The full set of entries has to be output exactly.

-- Data shown follows --

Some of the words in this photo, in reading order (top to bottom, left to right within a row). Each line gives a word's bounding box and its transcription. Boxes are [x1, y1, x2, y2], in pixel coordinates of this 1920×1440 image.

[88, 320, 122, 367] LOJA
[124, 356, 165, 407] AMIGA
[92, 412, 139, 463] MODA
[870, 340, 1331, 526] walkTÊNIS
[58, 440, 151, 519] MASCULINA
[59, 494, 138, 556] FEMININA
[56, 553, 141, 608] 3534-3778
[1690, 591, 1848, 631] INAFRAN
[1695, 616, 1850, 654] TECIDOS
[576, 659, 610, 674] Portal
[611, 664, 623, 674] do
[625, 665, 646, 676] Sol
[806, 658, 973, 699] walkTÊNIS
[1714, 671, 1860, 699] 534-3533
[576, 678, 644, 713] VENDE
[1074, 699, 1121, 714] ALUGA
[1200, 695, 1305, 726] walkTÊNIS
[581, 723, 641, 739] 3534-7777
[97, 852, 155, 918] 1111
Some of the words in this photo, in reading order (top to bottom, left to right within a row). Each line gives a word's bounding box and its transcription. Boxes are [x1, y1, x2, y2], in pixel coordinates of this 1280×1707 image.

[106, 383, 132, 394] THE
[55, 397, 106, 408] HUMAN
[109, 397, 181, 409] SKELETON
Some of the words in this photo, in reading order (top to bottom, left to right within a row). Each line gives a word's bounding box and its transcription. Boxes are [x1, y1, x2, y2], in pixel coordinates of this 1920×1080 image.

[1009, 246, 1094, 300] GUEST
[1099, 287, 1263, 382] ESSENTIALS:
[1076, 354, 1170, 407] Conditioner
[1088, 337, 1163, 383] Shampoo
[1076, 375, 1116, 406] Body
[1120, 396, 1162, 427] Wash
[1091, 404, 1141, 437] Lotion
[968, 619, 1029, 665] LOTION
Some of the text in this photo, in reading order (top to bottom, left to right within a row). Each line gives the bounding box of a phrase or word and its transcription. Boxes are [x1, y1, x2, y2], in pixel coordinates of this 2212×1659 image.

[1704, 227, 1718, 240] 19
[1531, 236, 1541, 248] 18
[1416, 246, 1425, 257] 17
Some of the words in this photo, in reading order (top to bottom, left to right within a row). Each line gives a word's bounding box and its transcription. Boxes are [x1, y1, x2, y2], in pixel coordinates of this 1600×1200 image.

-- Data shown concluded --

*Task result:*
Some of the words in this photo, in reading order (top to bottom, left to right within a row). Each line gives a word's bounding box and its transcription. Boxes are [x1, y1, x2, y2], in pixel coordinates of this 1920×1440 image.

[88, 320, 122, 367] LOJA
[124, 356, 165, 407] AMIGA
[92, 412, 139, 463] MODA
[870, 340, 1331, 526] walkTÊNIS
[58, 440, 151, 519] MASCULINA
[59, 494, 138, 556] FEMININA
[56, 553, 141, 608] 3534-3778
[1690, 591, 1848, 631] INAFRAN
[1695, 616, 1850, 654] TECIDOS
[576, 659, 610, 674] Portal
[611, 664, 623, 674] do
[625, 665, 646, 676] Sol
[806, 658, 973, 699] walkTÊNIS
[1714, 671, 1860, 699] 534-3533
[576, 678, 644, 713] VENDE
[1074, 699, 1121, 714] ALUGA
[1200, 695, 1305, 726] walkTÊNIS
[581, 723, 641, 739] 3534-7777
[97, 852, 155, 918] 1111
Some of the words in this photo, in reading order (top to bottom, left to right within a row). Each line gives a word's bounding box and its transcription. Boxes are [x1, y1, x2, y2], in pixel coordinates of this 1280×1707 image.

[106, 383, 132, 394] THE
[55, 397, 106, 408] HUMAN
[109, 397, 181, 409] SKELETON
Some of the words in this photo, in reading order (top to bottom, left to right within a row). Each line gives a word's bounding box and its transcription. Boxes are [x1, y1, x2, y2], in pixel coordinates of this 1920×1080 image.

[1009, 246, 1094, 300] GUEST
[1099, 287, 1263, 382] ESSENTIALS:
[1076, 354, 1170, 407] Conditioner
[1088, 337, 1163, 383] Shampoo
[1076, 375, 1116, 406] Body
[1120, 396, 1162, 427] Wash
[1091, 404, 1141, 437] Lotion
[968, 619, 1029, 665] LOTION
Some of the text in this photo, in reading order (top to bottom, left to right within a row). Each line gives the bounding box of a phrase or word and its transcription. Boxes are [x1, y1, x2, y2], in pixel coordinates of this 2212×1659 image.

[1704, 227, 1718, 240] 19
[1531, 236, 1541, 248] 18
[1416, 246, 1425, 257] 17
Some of the words in this photo, in reading order (top to bottom, left to right within a row). Each line gives a word's bounding box and its transcription. Boxes are [x1, y1, x2, y2], in pixel coordinates of this 1600×1200 image.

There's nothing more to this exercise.